◆ **WHAT YOU HAVE TO DO**
In the listing that follows, give every line again exactly and omit the pictures.

━━━━━ GIVEN RECORDS ━━━━━

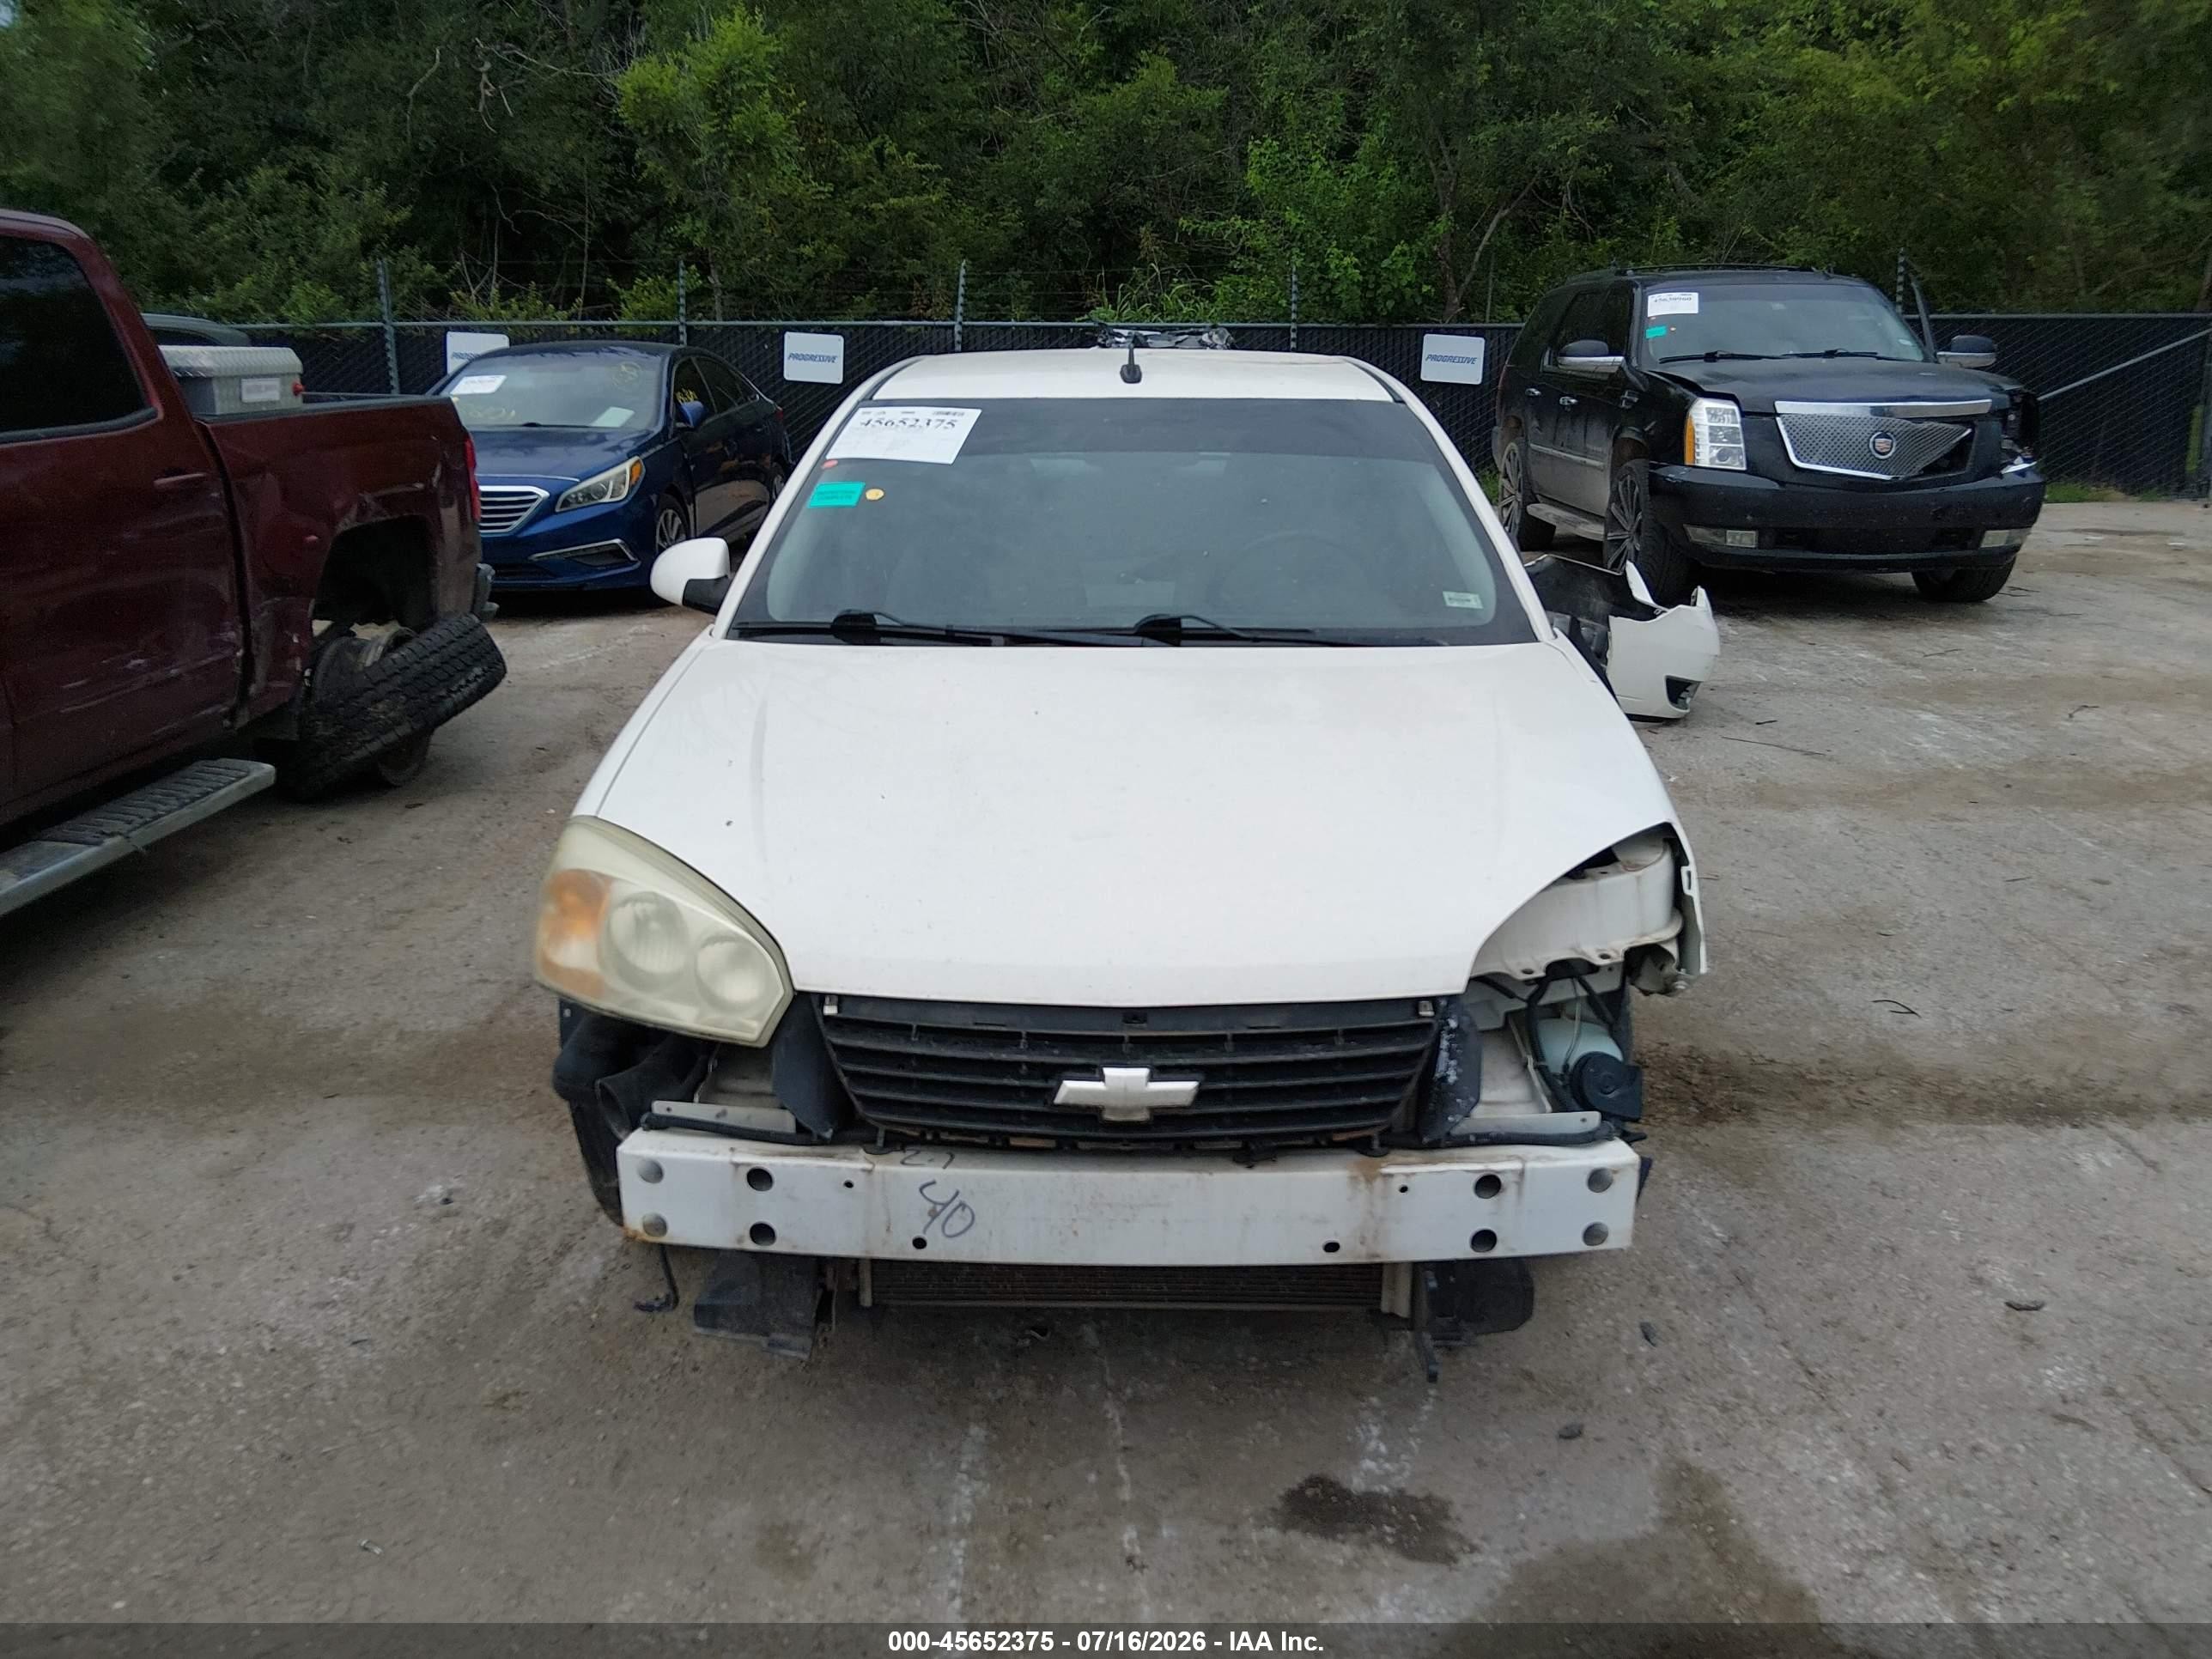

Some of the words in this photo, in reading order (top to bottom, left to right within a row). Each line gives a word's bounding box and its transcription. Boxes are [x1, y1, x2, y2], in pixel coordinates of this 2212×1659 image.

[787, 352, 838, 363] PROGRESSIVE
[1425, 354, 1478, 365] PROGRESSIVE
[860, 417, 958, 430] 45652375
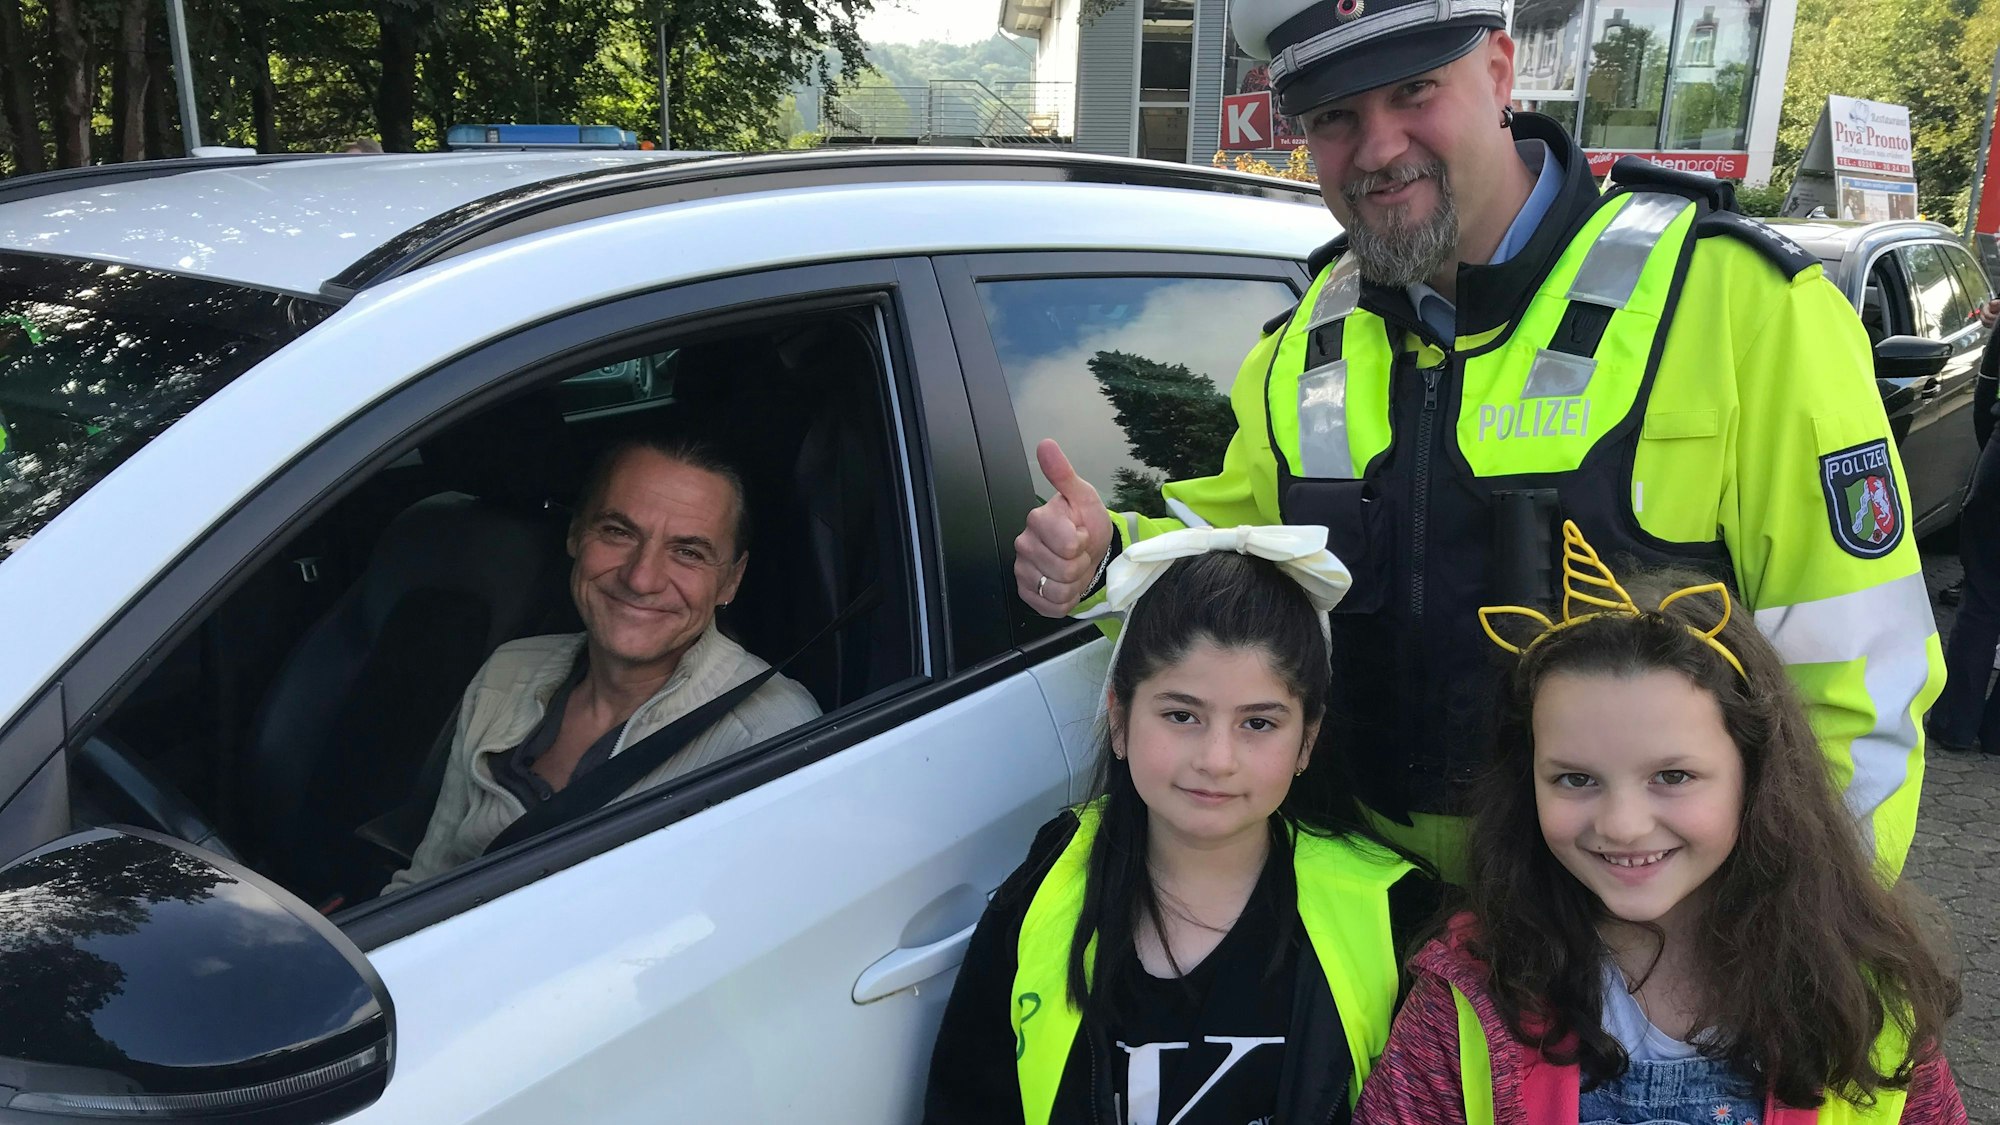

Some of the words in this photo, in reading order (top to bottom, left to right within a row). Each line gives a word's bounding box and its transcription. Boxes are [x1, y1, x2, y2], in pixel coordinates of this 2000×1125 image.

[1228, 101, 1263, 144] K
[1871, 112, 1907, 127] Restaurant
[1835, 121, 1863, 147] Piya
[1866, 126, 1908, 151] Pronto
[1478, 398, 1591, 442] POLIZEI
[1829, 449, 1887, 479] POLIZEI

━━━━━

◆ **EXPECTED ANSWER**
Some of the words in this photo, in reading order (top to bottom, left to right within a row). Each line gives a word's bounding box and its transcription. Boxes are [x1, y1, x2, y2], in pixel coordinates of this 2212×1659 image.

[787, 352, 838, 363] PROGRESSIVE
[1425, 354, 1478, 365] PROGRESSIVE
[860, 417, 958, 430] 45652375

Some of the words in this photo, in reading order (top to bottom, left to right within a row). Each line gives a word's bounding box and its transcription. Boxes are [x1, y1, x2, y2], in pixel coordinates of this 2000×1125 image.

[1228, 101, 1263, 144] K
[1871, 112, 1907, 127] Restaurant
[1835, 121, 1863, 147] Piya
[1866, 126, 1908, 151] Pronto
[1478, 398, 1591, 442] POLIZEI
[1829, 449, 1887, 479] POLIZEI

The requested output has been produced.